Deux configurations sont comparées : off (PRAGMA prefetch_pages=0, aucune logique de readahead) et on (fenêtre de 32 pages pré‑chargées). Les mesures sont prises avec iostat, perf stat et les tracepoints io_uring:io_uring_submit_req.
Fonctionnement sans readahead
En l’absence de readahead, Turso soumet un seul SQE (Submission Queue Entry) à la fois. Chaque lecture attend la complétion de la précédente, ce qui empêche toute forme de parallélisme. Le compteur rareq‑sz montre que chaque requête atteint le disque séparément, et le taux de fusion %rrqm reste très faible : seulement 140 fusions sur 195 516 bios, soit 0,07 %.
Cette séquence monothread entraîne un temps d’exécution de 8,55 s pour io_uring, contre 3,02 s pour le backend syscall. Le nombre d’instructions exécutées augmente de 0,2 milliard, mais le nombre de défauts de cache monte de 4,8 millions, indiquant que le CPU doit récupérer les données directement depuis la RAM sans bénéfice du cache L1/L2/L3.
Impact du readahead appliqué en application
Lorsque Turso détecte un accès séquentiel, il soumet simultanément 32 SQE couvrant les pages 100 à 131. Cette profondeur de file d’attente permet au bloc‑layer du noyau de fusionner les requêtes adjacentes : 202 539 fusions sur 218 493 bios, soit 92,7 % de merges, et le disque ne reçoit que 15 951 requêtes. Le nombre total de SQE augmente de 23 005, reflétant le surplus de pages pré‑chargées.
Le temps d’exécution passe à 8,22 s de mur, mais le thread de sqpoll consomme 8,46 s de temps système, supérieur au temps réel, preuve que le thread de polling tourne en parallèle avec le thread de requête. En désactivant le polling (construction IoUring::new), le temps système chute à 1,27 s, tandis que le temps mur augmente légèrement à 8,62 s, confirmant que le gain de latence provient surtout de la réduction du CPU partagé.
Analyse des coûts et limites
Le modèle io_uring avec O_DIRECT et sans readahead souffre d’une profondeur de 1, ce qui empêche la fusion de requêtes et entraîne le pire des temps. Le polling reste pertinent uniquement sur des machines disposant de cœurs excédentaires ; sinon il concurrence les threads applicatifs et augmente le temps système, comme le montre l’étude SYSTOR 2022 (13 KIOPS sur un seul cœur).

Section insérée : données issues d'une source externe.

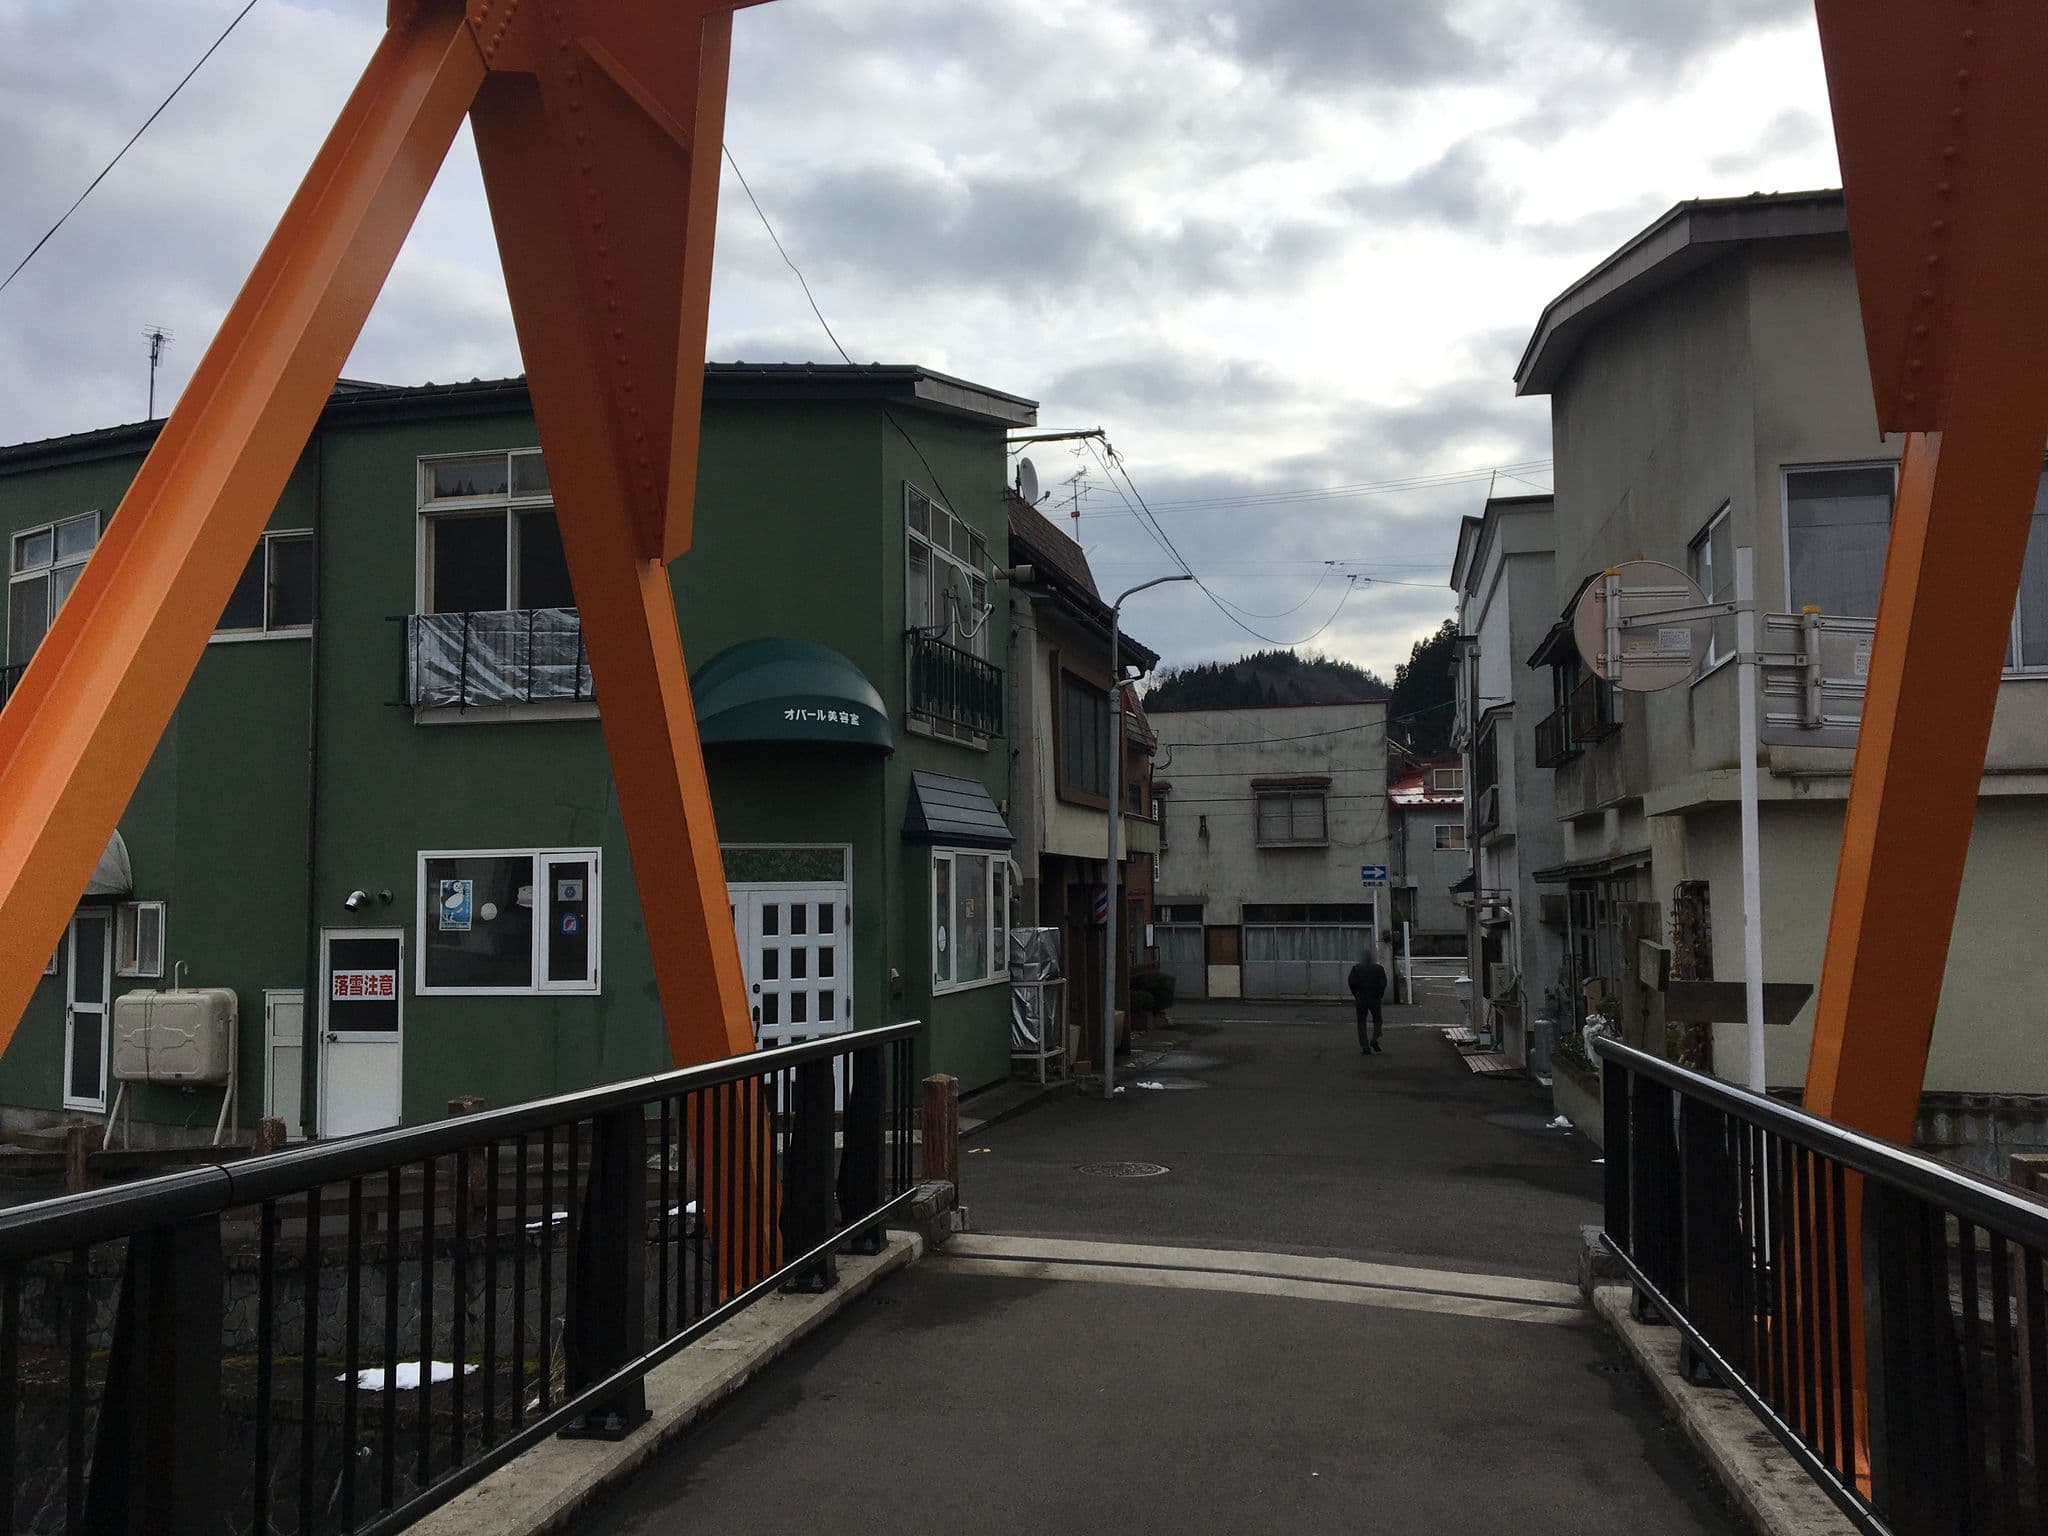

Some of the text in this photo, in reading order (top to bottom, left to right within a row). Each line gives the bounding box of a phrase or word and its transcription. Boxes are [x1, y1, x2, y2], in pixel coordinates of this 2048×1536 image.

Le backend syscall bénéficie du cache grâce à la copie du page‑cache vers le buffer utilisateur, ce qui réduit les défauts de cache mais impose une surcharge de copie. En revanche, O_DIRECT évite la copie mais génère davantage de miss de cache, ce qui explique la différence de 4,8 M de miss entre les deux modèles.
En résumé, le readahead implémenté au niveau de l’application augmente la concurrence, permet la fusion de requêtes au niveau du bloc‑layer et compense partiellement le manque de chaleur du cache introduit par O_DIRECT. Le choix entre polling et soumission batchée dépend du nombre de vCPU disponibles et du profil CPU de l’application.